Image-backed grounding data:
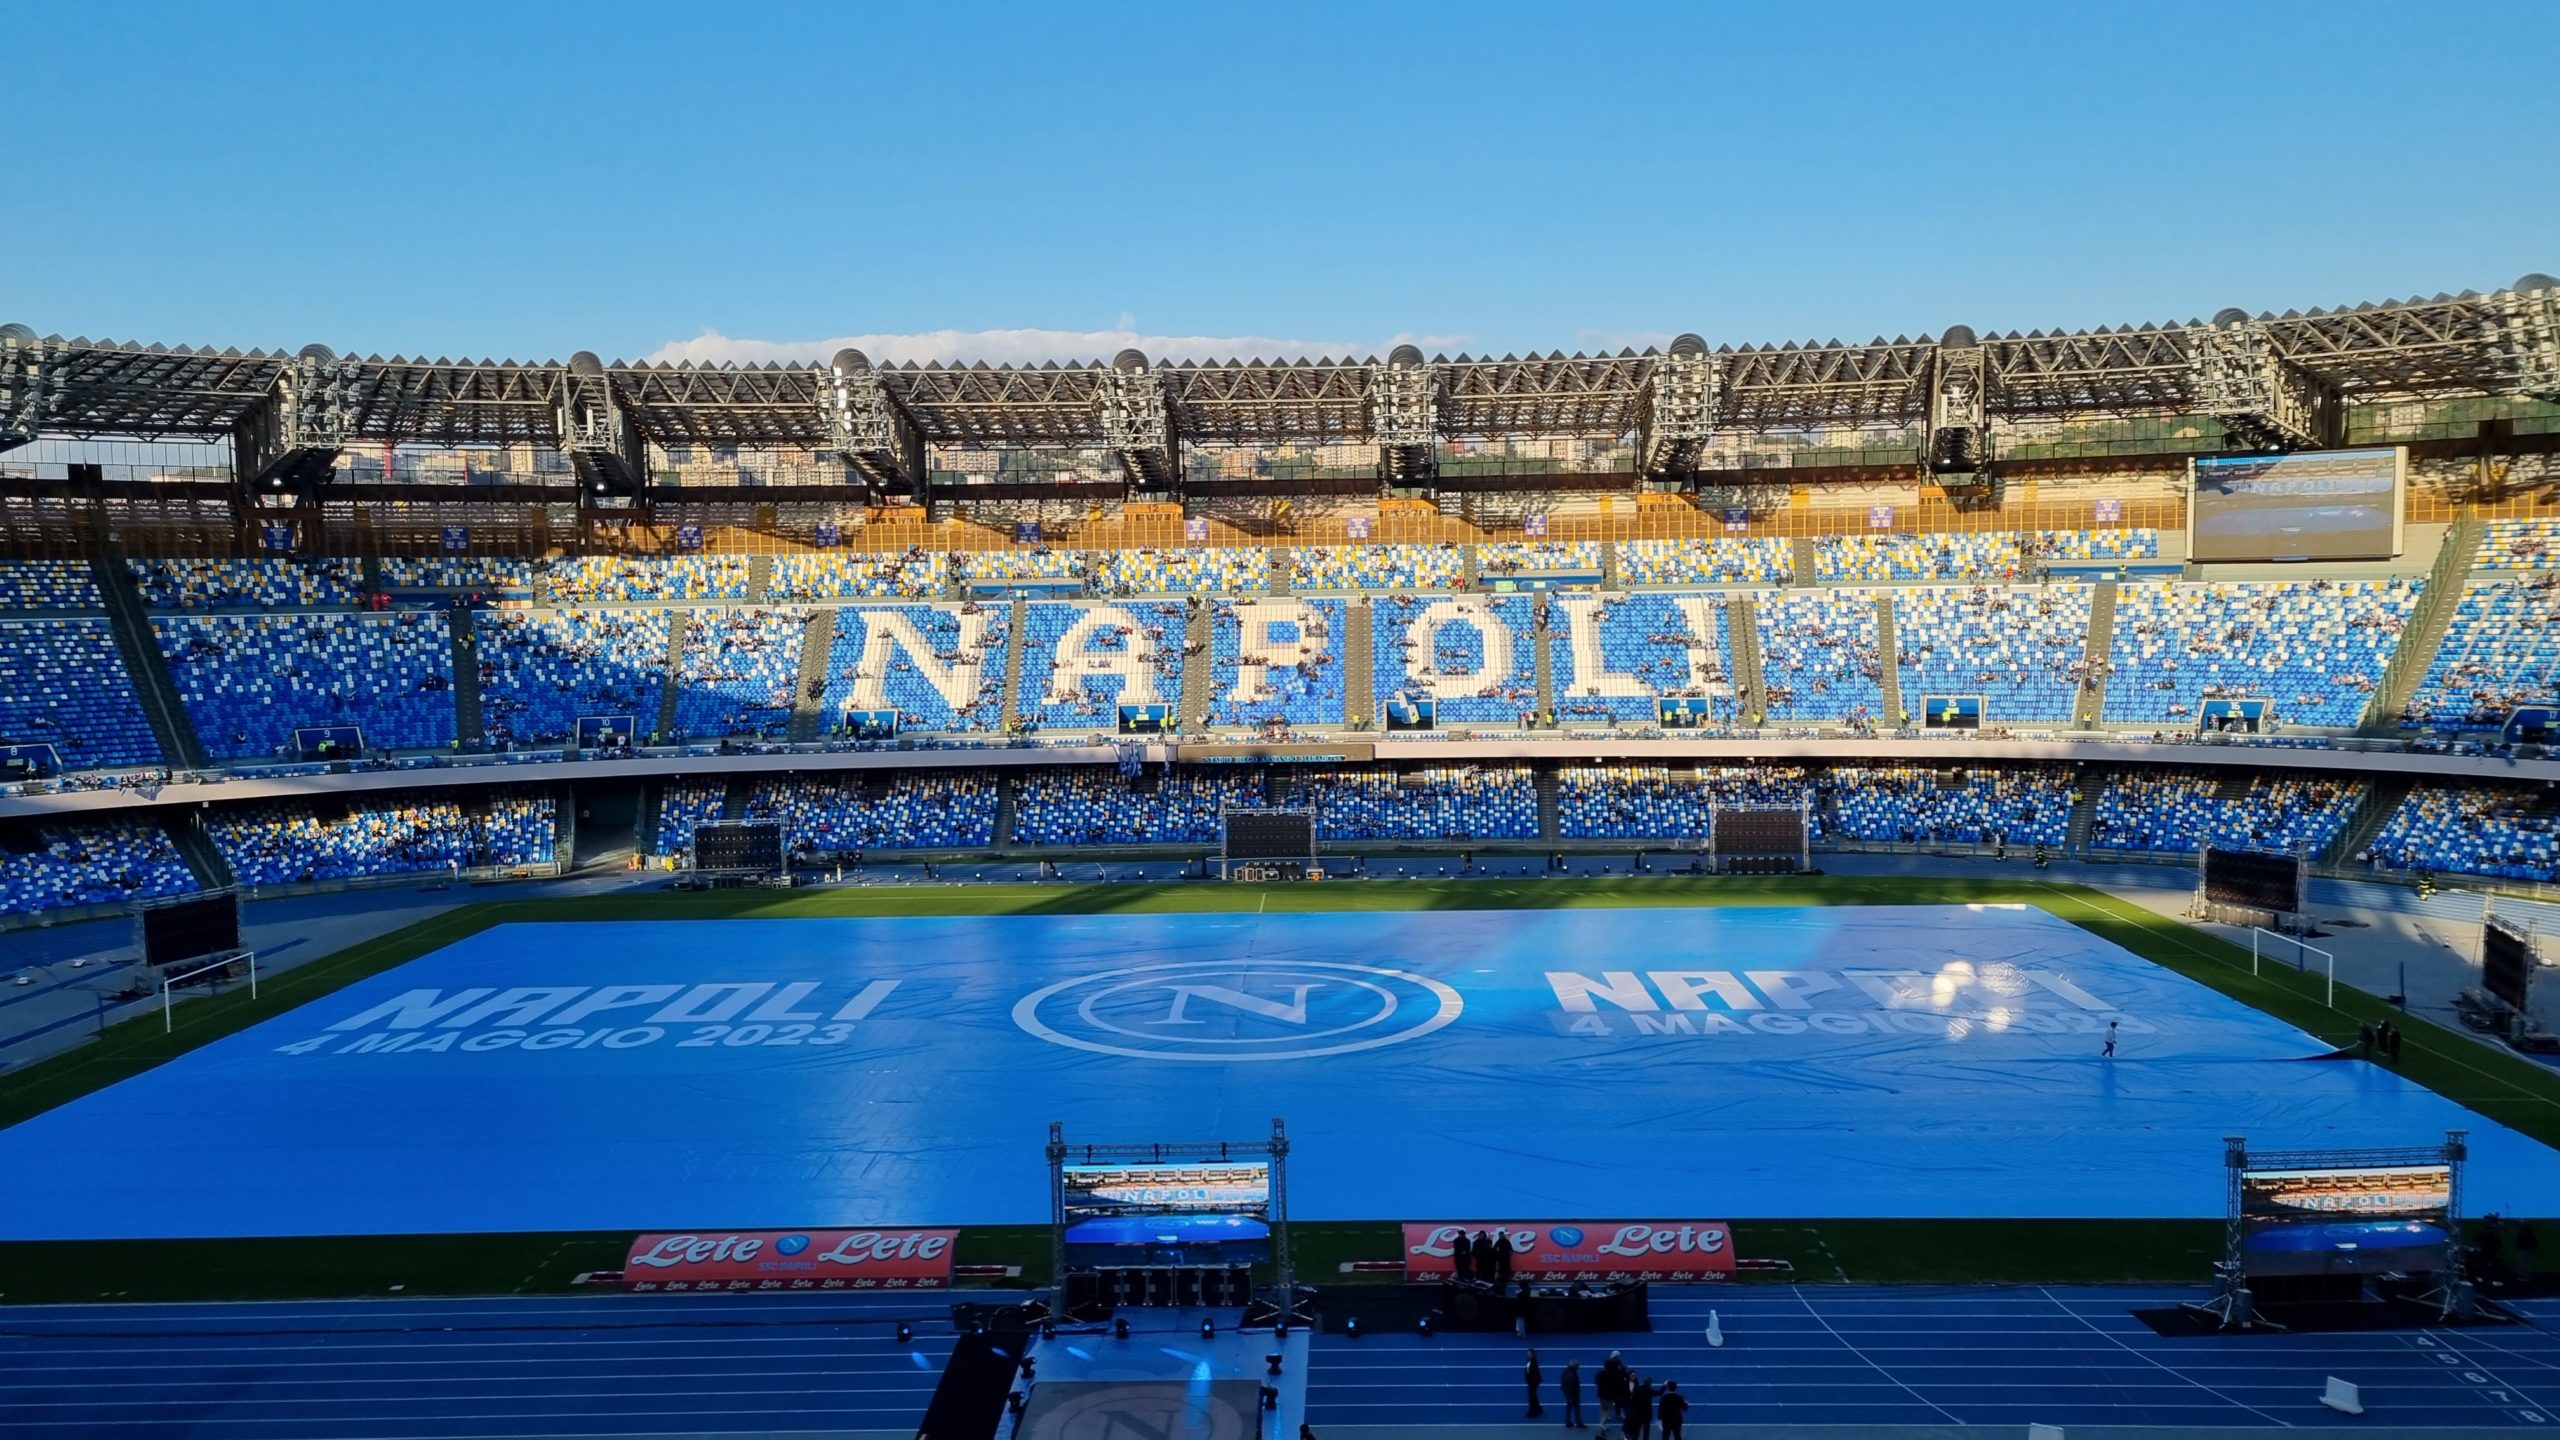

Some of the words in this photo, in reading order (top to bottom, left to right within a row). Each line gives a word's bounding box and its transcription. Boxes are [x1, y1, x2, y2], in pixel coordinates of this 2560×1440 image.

[840, 597, 1730, 710] NAPOLI
[1138, 705, 1147, 713] 12
[1947, 699, 1956, 707] 15
[322, 979, 902, 1031] NAPOLI
[1569, 1014, 1612, 1036] 4
[272, 1034, 340, 1055] 4
[332, 1026, 665, 1055] MAGGIO
[675, 1023, 855, 1047] 2023
[1597, 1225, 1724, 1257] Lete
[631, 1235, 764, 1267] Lete
[817, 1232, 948, 1265] Lete
[2417, 1337, 2435, 1347] 4
[2437, 1353, 2460, 1364] 5
[2463, 1372, 2488, 1383] 6
[2489, 1390, 2511, 1402] 7
[2520, 1410, 2546, 1423] 8
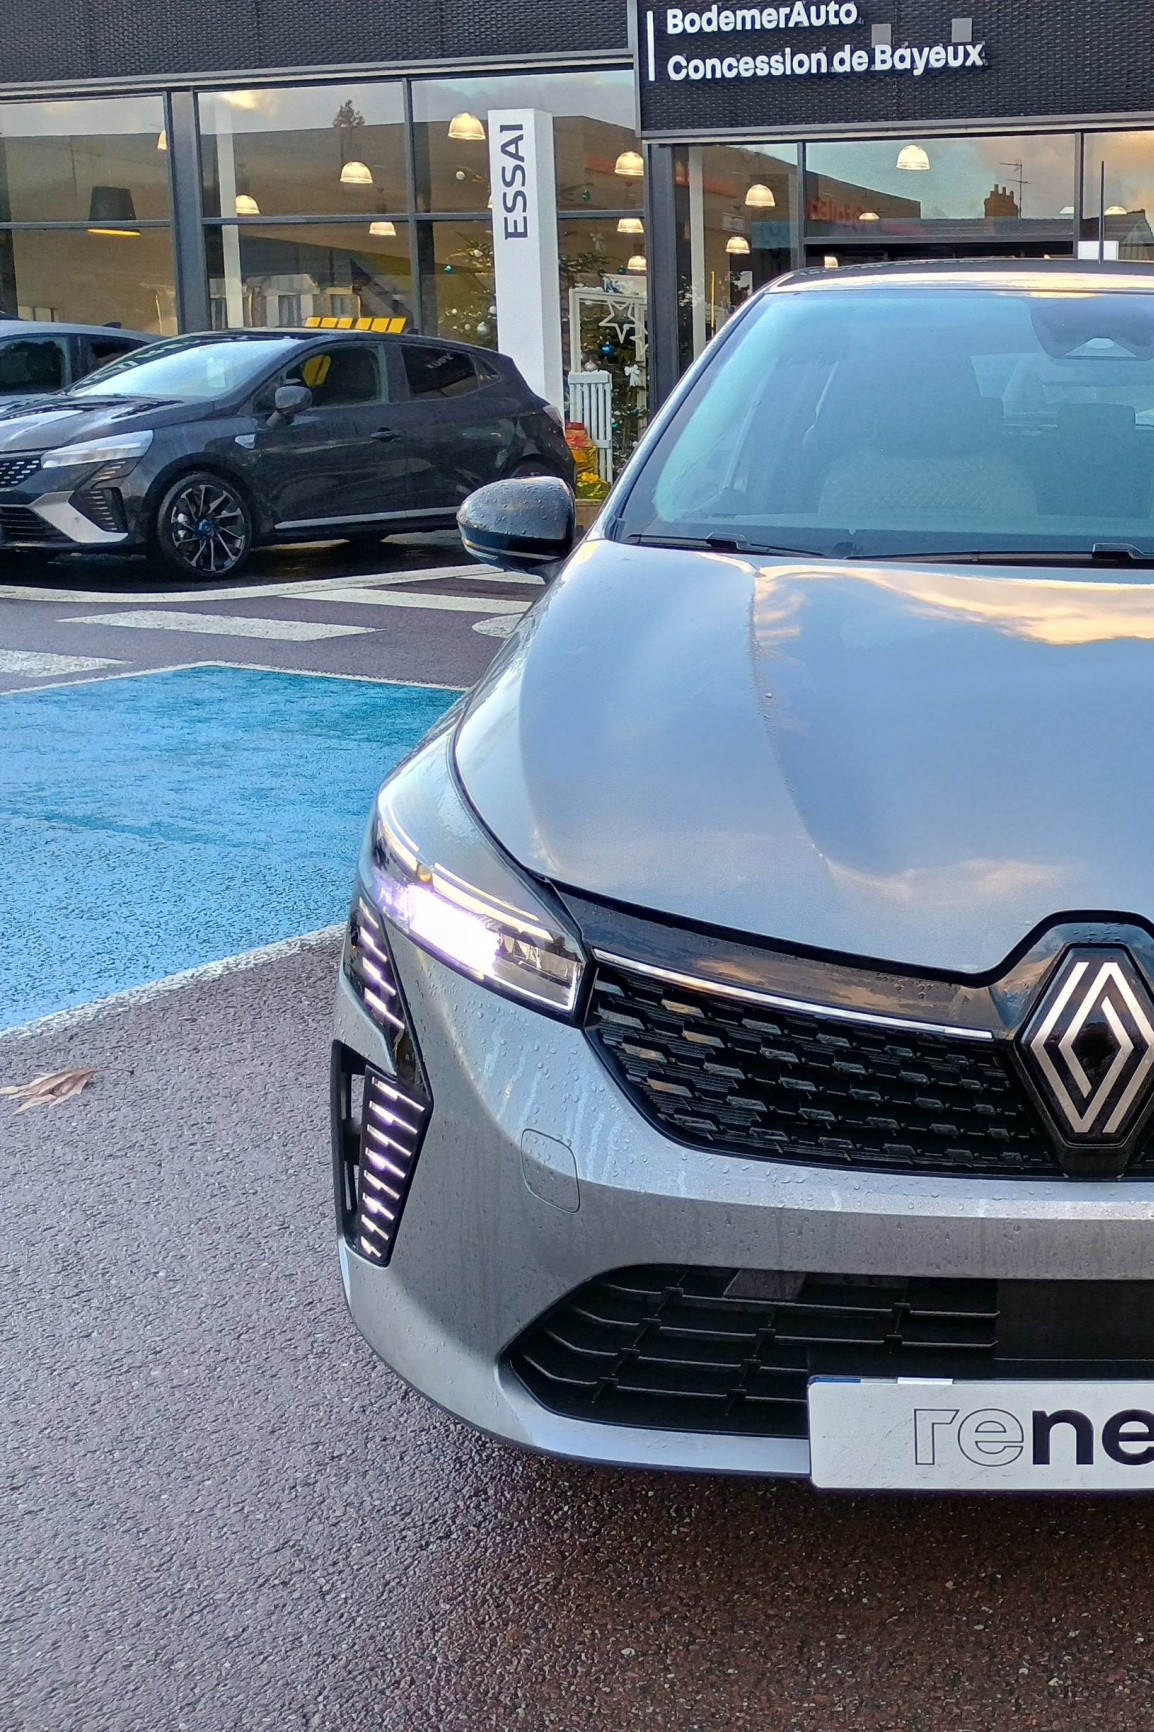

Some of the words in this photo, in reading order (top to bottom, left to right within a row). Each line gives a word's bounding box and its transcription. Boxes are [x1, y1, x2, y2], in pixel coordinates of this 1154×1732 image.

[667, 1, 858, 35] BodemerAuto
[667, 48, 827, 81] Concession
[833, 44, 868, 71] de
[875, 43, 984, 76] Bayeux
[500, 124, 528, 240] ESSAI

**Assignment**
Write the data above out again exactly, minus its pictures.

**Expected output**
Some of the words in this photo, in reading order (top to bottom, left to right within a row). Each line gives a word's bounding box and its transcription. Boxes are [x1, y1, x2, y2], in pixel coordinates of this 2560×1440 image.

[840, 597, 1730, 710] NAPOLI
[1138, 705, 1147, 713] 12
[1947, 699, 1956, 707] 15
[322, 979, 902, 1031] NAPOLI
[1569, 1014, 1612, 1036] 4
[272, 1034, 340, 1055] 4
[332, 1026, 665, 1055] MAGGIO
[675, 1023, 855, 1047] 2023
[1597, 1225, 1724, 1257] Lete
[631, 1235, 764, 1267] Lete
[817, 1232, 948, 1265] Lete
[2417, 1337, 2435, 1347] 4
[2437, 1353, 2460, 1364] 5
[2463, 1372, 2488, 1383] 6
[2489, 1390, 2511, 1402] 7
[2520, 1410, 2546, 1423] 8

Some of the words in this photo, in reading order (top to bottom, left to right within a row). Each line gives a word's bounding box and its transcription. Boxes are [x1, y1, x2, y2], in pixel coordinates of this 1154×1732 image.

[667, 1, 858, 35] BodemerAuto
[667, 48, 827, 81] Concession
[833, 44, 868, 71] de
[875, 43, 984, 76] Bayeux
[500, 124, 528, 240] ESSAI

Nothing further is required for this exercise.